I have a list of datasets. Each dataset contains one month of some data. The data span for many years, therefore I have 12 datasets for each year. This data was originally a bunch of Excel files. I have imported all the files, previously converted to .csv, following this advice, namely:
datalist <- list()
files <- list.files(pattern="\\.csv$")
for(file in files) {
stem <- gsub("\\.csv$","",file)
datalist[[stem]] <- read.csv(file)
}
So I end up with a list named datalist
containing all my datasets.
Now, my problem is that only the file names contain the actual month and year each part of data was collected, so I would like to grab the name and year from each dataset name and impute them in two new columns for that dataframe: "Year" and "Month".
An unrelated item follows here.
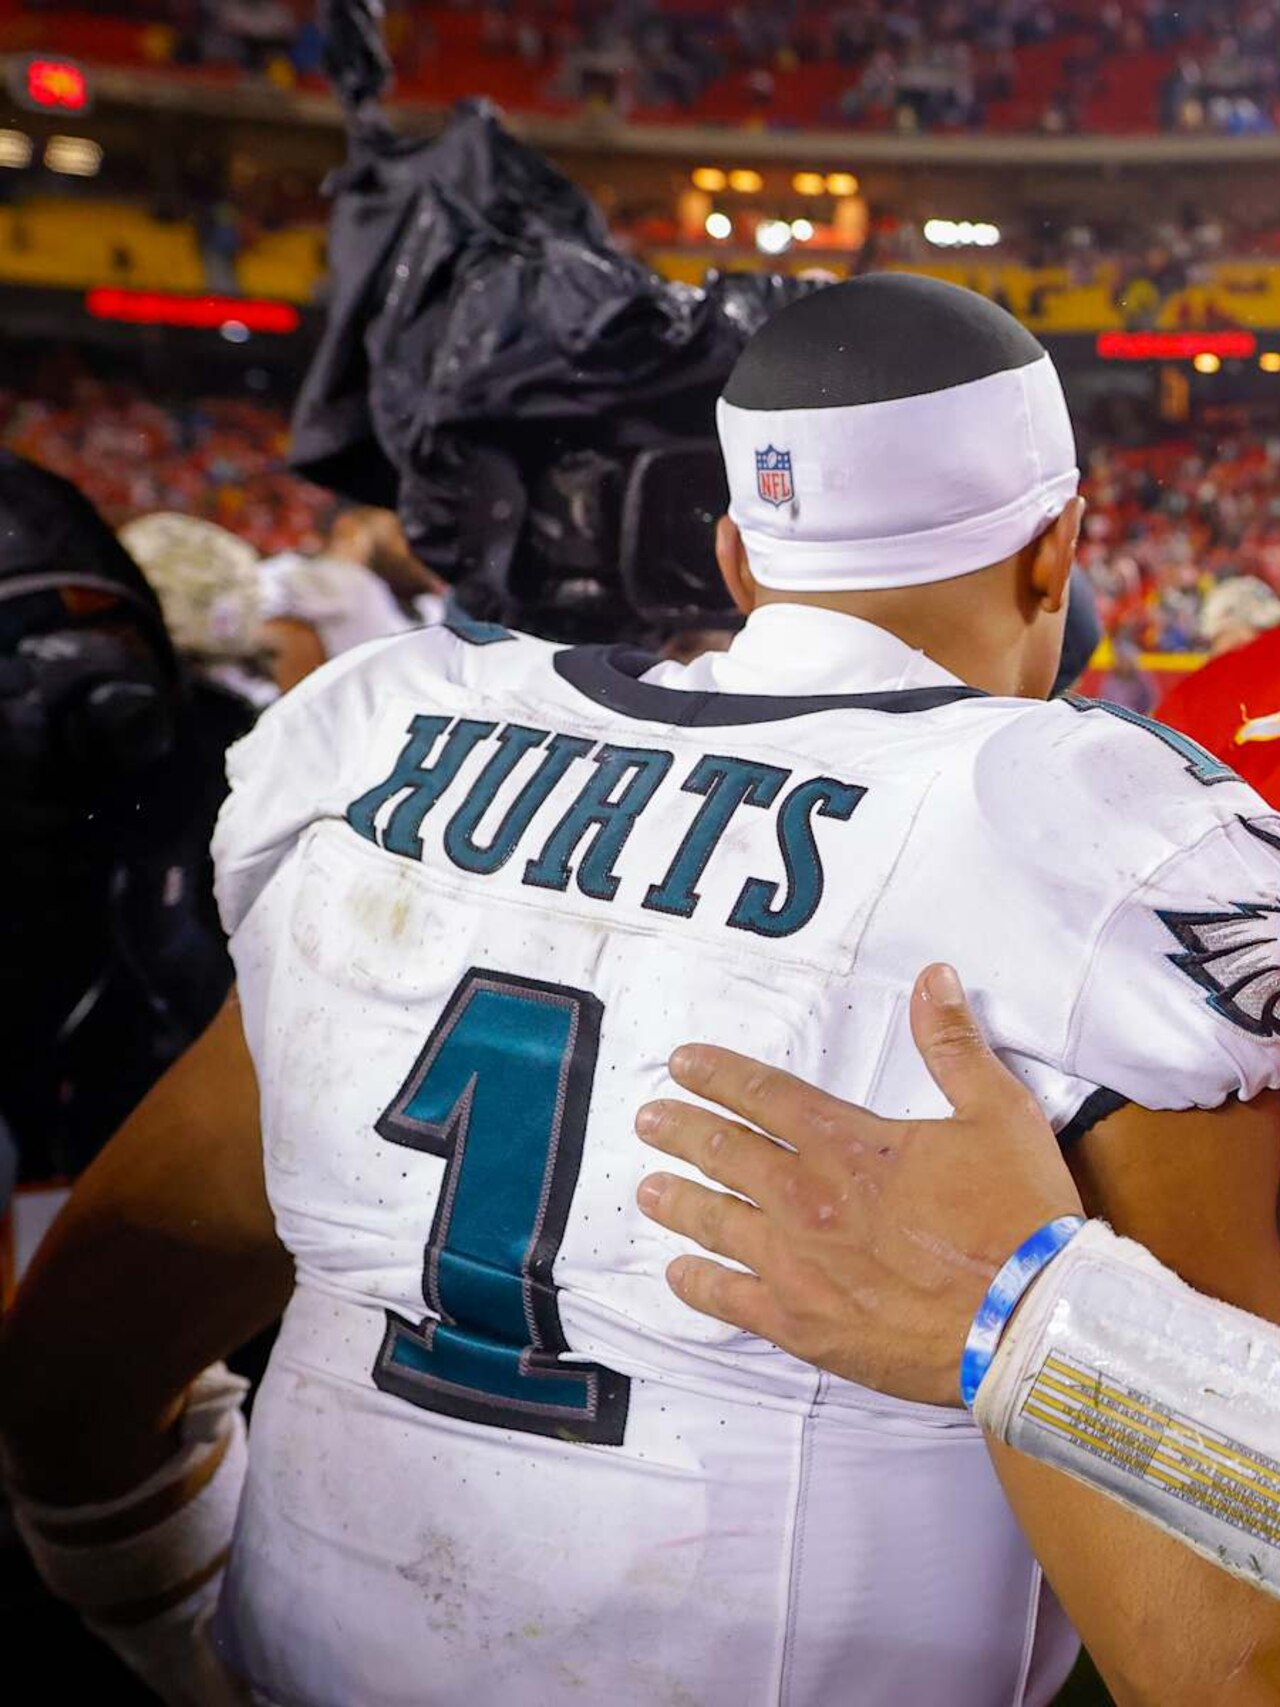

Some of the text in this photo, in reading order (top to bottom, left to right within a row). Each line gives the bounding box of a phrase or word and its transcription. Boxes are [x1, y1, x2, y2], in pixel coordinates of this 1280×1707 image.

All the file names, which I kept as dataframe names, follow this structure: [month]_[year]_[...some other text], as for example "August_2012_foo_bar". So I figured I'd use regular expression to grab first the month then the year. My code stub is:
for(dataset in names(datalists)) {
name <- dataset
month <- strapply(name,"^([^_]*).*$")
...?
}
The regular expression "^([^_]*).*$"
grabs whatever comes before the underscore, namely the month. I get stuck when I need to assign the grabbed month to a new column of the dataset. I have tried both with assign
and cbind
, without luck.
In the end I would like to vertically merge all these datasets into one.
Thanks for any help!